Mike Schultheis, a senior scientist at Coca-Cola, said his firm is excited about PEF. But he pointed out, “It’s no small feat to put a new polymer into existing systems.” One concern is how well PEF bottles will perform in the recycling stream. “It is important to us to do this responsibly,” he said.

Applications development is not as critical for firms that make drop-in replacements for petroleum-based products, but smooth sailing is not guaranteed either. Gevo, maker of a biobased version of the solvent isobutyl alcohol, has struggled with contamination problems. In the spring of 2012 the firm’s plant in Luverne, Minn., was producing large quantities of isobutyl alcohol via yeast fermentation when an undesirable microbe found a foothold. The company decided to stop operations and decontaminate the plant.

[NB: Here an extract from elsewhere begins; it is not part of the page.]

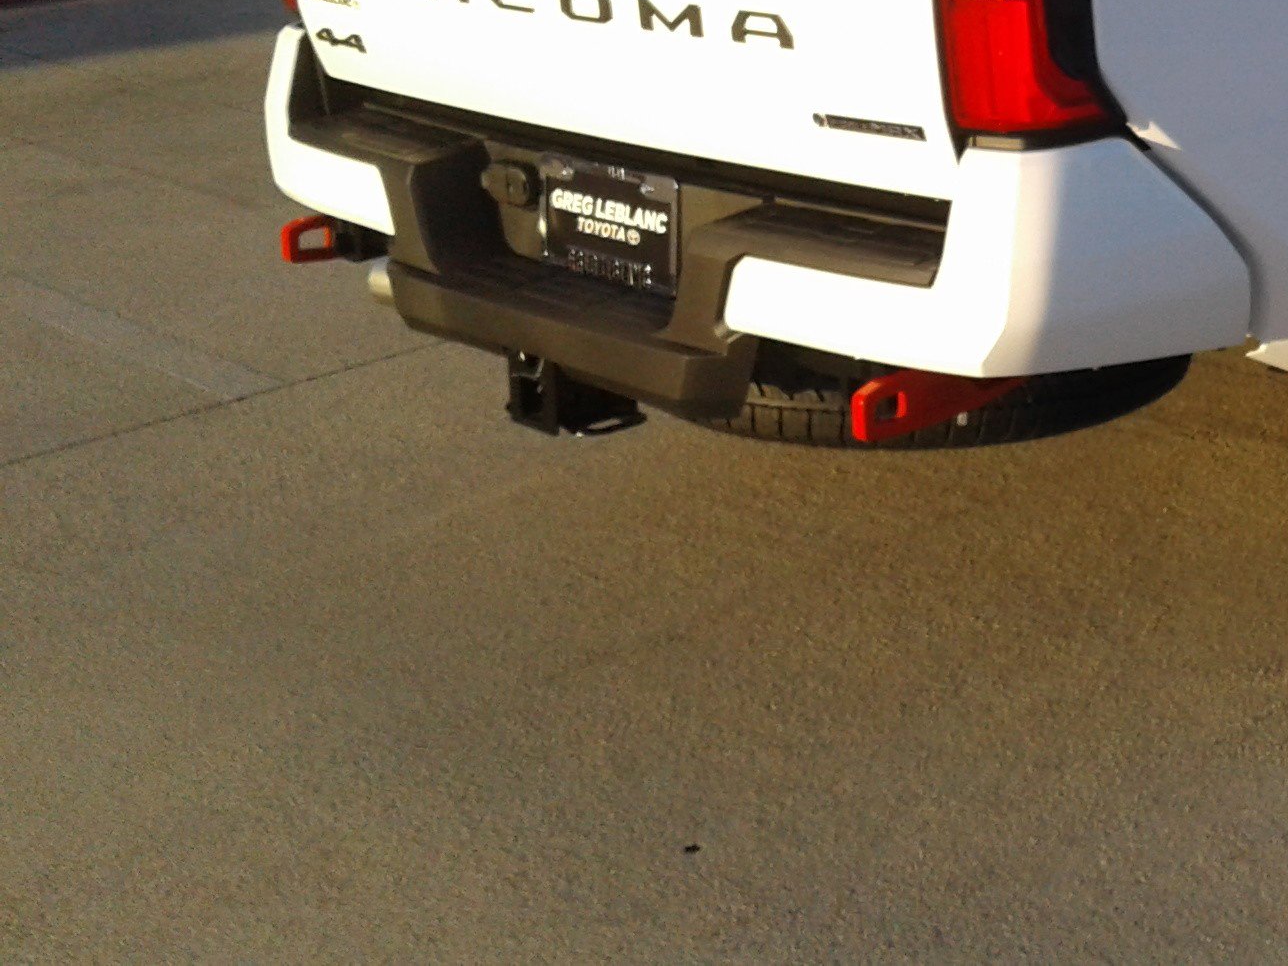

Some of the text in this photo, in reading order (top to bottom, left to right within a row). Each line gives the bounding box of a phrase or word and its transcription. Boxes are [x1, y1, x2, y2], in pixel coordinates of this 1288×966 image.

[550, 188, 669, 234] GREG LEBLANC
[577, 216, 625, 242] TOYOTA

Gevo CEO Patrick R. Gruber spoke with C&EN shortly after the firm announced in Montreal that the plant had restarted. “We had to identify the sources of the contaminant, change the pipes, sanitize the equipment, train the staff, and modify the operating conditions to favor our yeast,” Gruber recounted.

Biobased chemical companies also are not immune to factors outside their plant gates. With the Great Recession in the past, the new era of cheap natural gas was on the minds of many participants. Alan Shaw, CEO of Calysta Energy, was in Montreal to talk about his vision of fuels and chemicals made from natural gas using biocatalysts. In a new partnership, Calysta will work with NatureWorks to research methane fermentation as an alternative route to lactic acid, which NatureWorks now derives from sugar to make polylactic acid.

Shaw contends that the Calysta process is green because it sequesters methane, a greenhouse gas. Others may quibble with that characterization, but the rise of natural gas as a feedstock—added to other growing pains for the industrial biotech industry—guarantees that there will be plenty to talk about at the next biotech congress.